Donnivan L. Whitcher told a federal judge Thursday he and a friend were using butane to leach the psychoactive element of marijuana from plants on Jan. 27 when a propane torch ignited vapor. The explosion in his kitchen at the Center Court apartments on East Cozza Drive injured two neighbors and a firefighter. At least one apartment resident was displaced.
The 2-year-old daughter of Whitcher’s girlfriend watched TV a few feet away, but wasn’t injured in the blast.
The explosion is one of several across the country where marijuana users, seeking a more potent high, endangered children by the use of combustible butane in making hash oil.
A similar explosion occurred in the Garland neighborhood in August 2013, when a man attempted to light a cigarette while using PVC pipe and a coffee filter to create hash oil, according to court records. The car he was driving exploded and he faces assault and drug charges after his 3-year-old daughter was injured in the blast. His jury trial is scheduled for January 2015 in Spokane County Superior Court.

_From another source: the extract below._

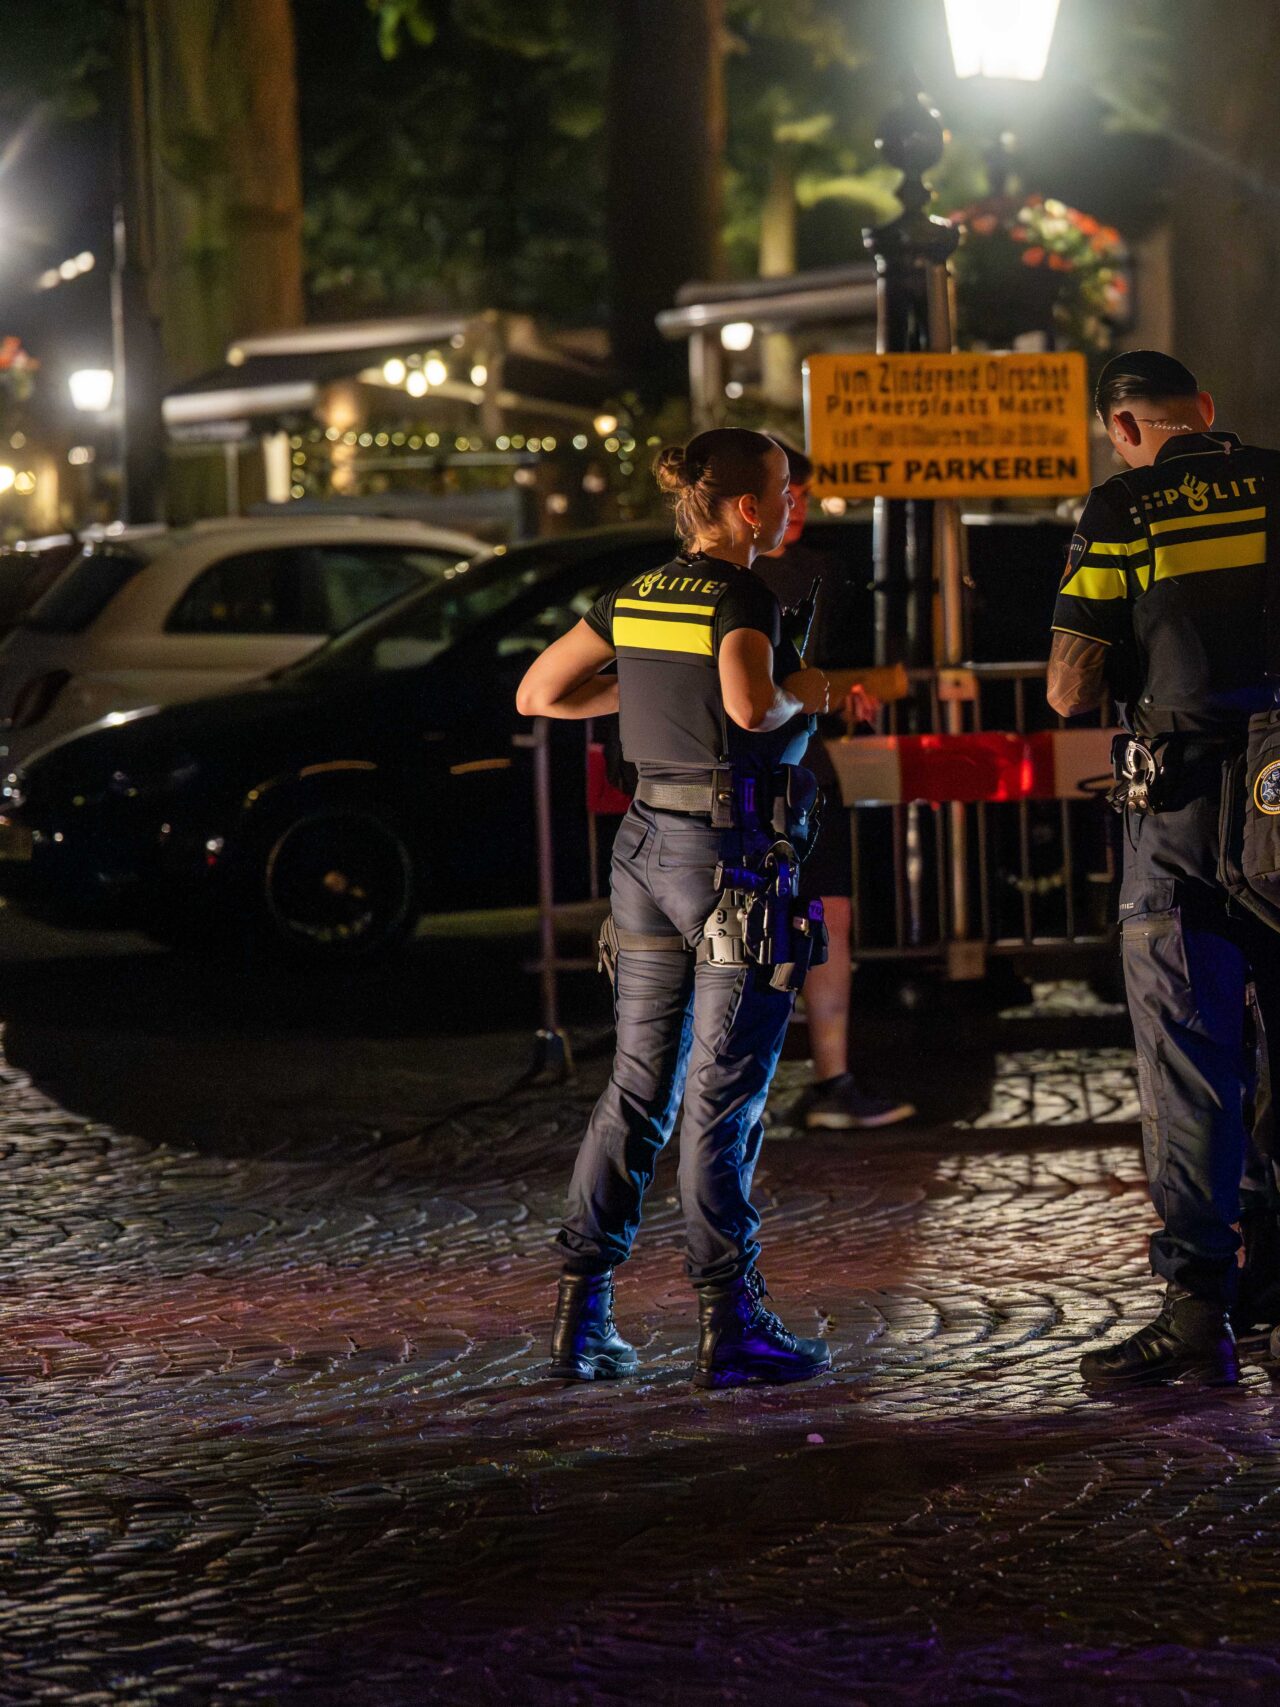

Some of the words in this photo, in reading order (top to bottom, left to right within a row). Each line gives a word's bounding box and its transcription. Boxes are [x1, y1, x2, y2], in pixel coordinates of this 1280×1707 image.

Whitcher was arrested in June, five months after the explosion. The man who was helping him manufacture the hash oil, Eric Glatzmaier, told investigators with the Bureau of Alcohol, Tobacco, Firearms and Explosives that Whitcher had been producing hash oil and selling it for a few months before the explosion.
Glatzmaier met Whitcher the night of the blast at a Wal-Mart. The two then traveled back to the apartment. Glatzmaier told investigators the smell of butane in the apartment was “very strong” when he arrived, according to court documents.
Glatzmaier said the two smoked hash oil residue in the kitchen from a bong while Whitcher’s girlfriend and the 2-year-old watched TV in the other room. The girlfriend yelled at Whitcher multiple times that he was going to burn the house down, according to Glatzmaier and neighbors interviewed by fire investigators.
The two neighbors injured by the blast suffered from heart and breathing problems shortly after the explosion. One of the men was treated for smoke inhalation and died of complications related to chronic obstructive pulmonary disease two months after the blast. Investigators have not been able to determine if the explosion made his condition worse, according to court records.
Whitcher pleaded guilty to a single count of malicious use of fire Thursday, a charge that carries a mandatory minimum of five years in federal prison. He has no other felony criminal history and has been released on monitoring ahead of his sentencing, tentatively scheduled for March.
His attorney, Amy Rubin, told U.S. District Court Judge Thomas O. Rice that Whitcher has cooperated in all aspects of the investigation and that he is working at a fast-food restaurant in Spokane Valley to support his girlfriend, who is now his wife, and the toddler. Rubin said Whitcher’s crime was an accident.
No one else has been charged in connection with the explosion, and the U.S. attorney’s office agreed to dismiss the second criminal count of endangering a human life while manufacturing a controlled substance. Under federal law, marijuana is still outlawed for all uses. Washington laws allow for the manufacture of hash oil marijuana extracts, but only in pre-approved industrial areas using “closed-loop” systems that keep the butane away from fire sources.
Damage from the fire has not been officially calculated, but prosecutors believe that figure is more than $350,000, according to court documents. Under federal law, Whitcher is required to pay restitution in addition to his prison sentence.